Not to say that R cannot handle big data, it can, but say I have a Laptop with 2 gigs of RAM and a dataset running into millions of records, for the same exercise which SAS can do in 30 seconds, R might take upto a few minutes or even die.

However computing power is cheap and getting cheaper by the day, given enough RAM and computing power, R can also crunch through large datasets efficiently, especially on 64 bit machines.

But for now in terms of Data handling, I rate SAS higher.

4.     Ease of Use

One of the biggest reasons Linux has never been the runaway success as compared to Windows is that it was so damn difficult to use, install or troubleshoot. Now take that problem and multiply by 10, and you get the idea of R. There is no easy way to put it, but R is not for the faint of heart. It is damn difficult to learn as compared to SAS.

SAS programming syntax can be considered as a high level language which is intuitive and easy to learn, additionally it was designed as a DML (Data Manipulation Language). On the other hand R programming is a monster.

For e.g. consider you have to do a simple data manipulation task such as sorting a few tables and joining them together. It would be a piece of cake to do this on SQL (any SQL package or even PROC SQL) or any of the SAS data steps. Now consider doing this in C++ (makes your blood run cold doesn’t it).

If SAS programming is high level more akin to SQL , then R is a low level language closer to C++. Even simple tasks can mean writing lengthy pieces of obfuscated code.

Learning R is definitely more challenging than SAS, but since R is a true programming language it gives more flexibility and power than SAS to the programmer. But for mere mortals like the rest of us, we would prefer to use the SAS programming language.

Support for R is another issue; obscure errors messages can literally suck the life blood out of somebody who is fairly new to R. There are support groups and forums on the internet, but if you are using a new package and it throws and error, you are on your own.

All in all, for true programmers R is closer to the heart but for the rest of us, who just want to get our work done, SAS is the winner by a mile in terms of ease of use.



I have used both R and SAS, and there is no straightforward answer to this. For example even though R is free, technically it should be cheaper to use shouldn’t it? Well the answer is not always.

TCO (Total Cost of Ownership) of using R might actually go higher than SAS. For example an Analytics company decides to use R exclusively figuring since they don’t have to pay for SAS licenses, their cost of project delivery will go down, better profit margins, lower billing to client, better competitiveness in the market. Win –win right?

Except now they have to train their consultants on R, or hire outside talent. R programmers are in short supply (esp. in India), this drives up your cost of resources for one. Now take into account the learning curve and the deployment cost as well as code migrations of client legacy systems, now to mention the obscure tantrums that R can throw it you, but you can’t call anyone for support now, since there is none, it’s free software. At least if SAS doesn’t work, you can hold them by their throats. (For the kind of licensing fee they demand, it’d better work!)

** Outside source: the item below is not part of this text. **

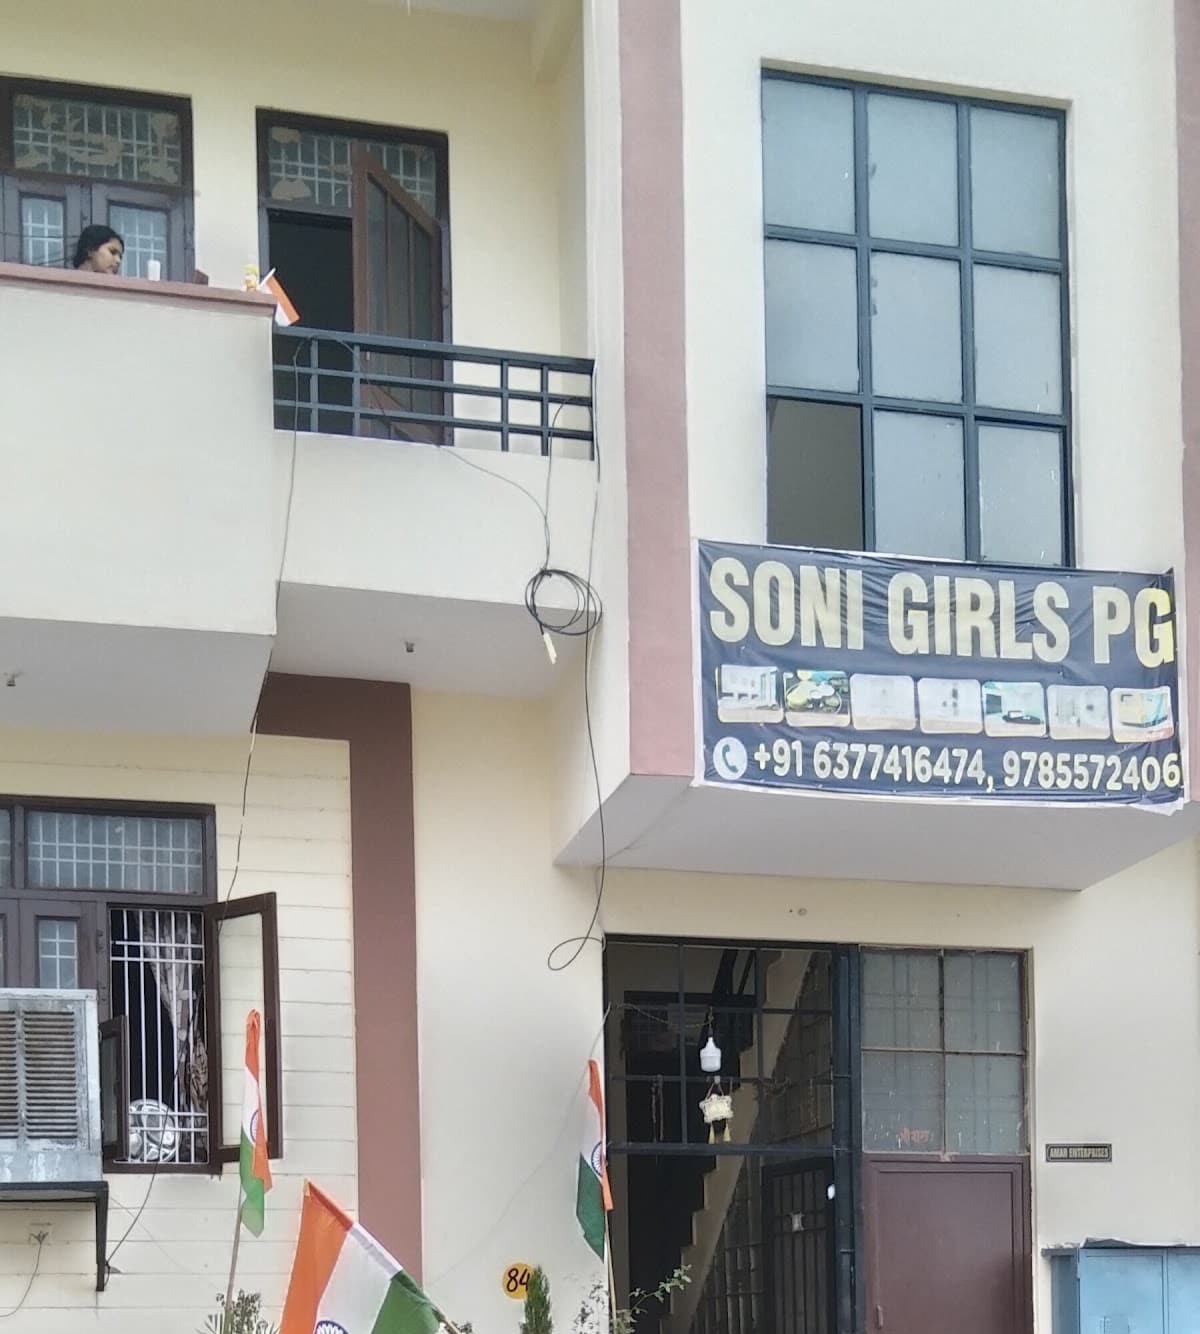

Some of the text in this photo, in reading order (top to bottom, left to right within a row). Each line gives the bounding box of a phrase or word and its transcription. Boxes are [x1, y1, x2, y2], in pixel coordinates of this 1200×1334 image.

[709, 557, 1175, 668] SONI GIRLS PG
[753, 738, 1181, 793] +91 6377416474, 9785572406
[506, 1267, 530, 1293] 84

On the other hand, you have a startup, small team, really smart people. Investing in a SAS license may not make sense at this point, they will simply use what I call the RUM stack (R-Ubuntu-MySql), it’s a pun on the LAMP stack.

i.e. use MySQL for heavy data manipulation, use R only for statistical analysis on machine running on Ubuntu Linux. Everything for free! While this solution may work for a small company and high calibre programmers, it is not scalable for a 25,000 man consulting organization which is run by processes/adherence and not individual brilliance.

My choice -> if you are small and hungry go for R. If you are a big organization where budget is not an issue, close your eyes and buy SAS licenses, everybody will be happy (but install R on your laptop nonetheless).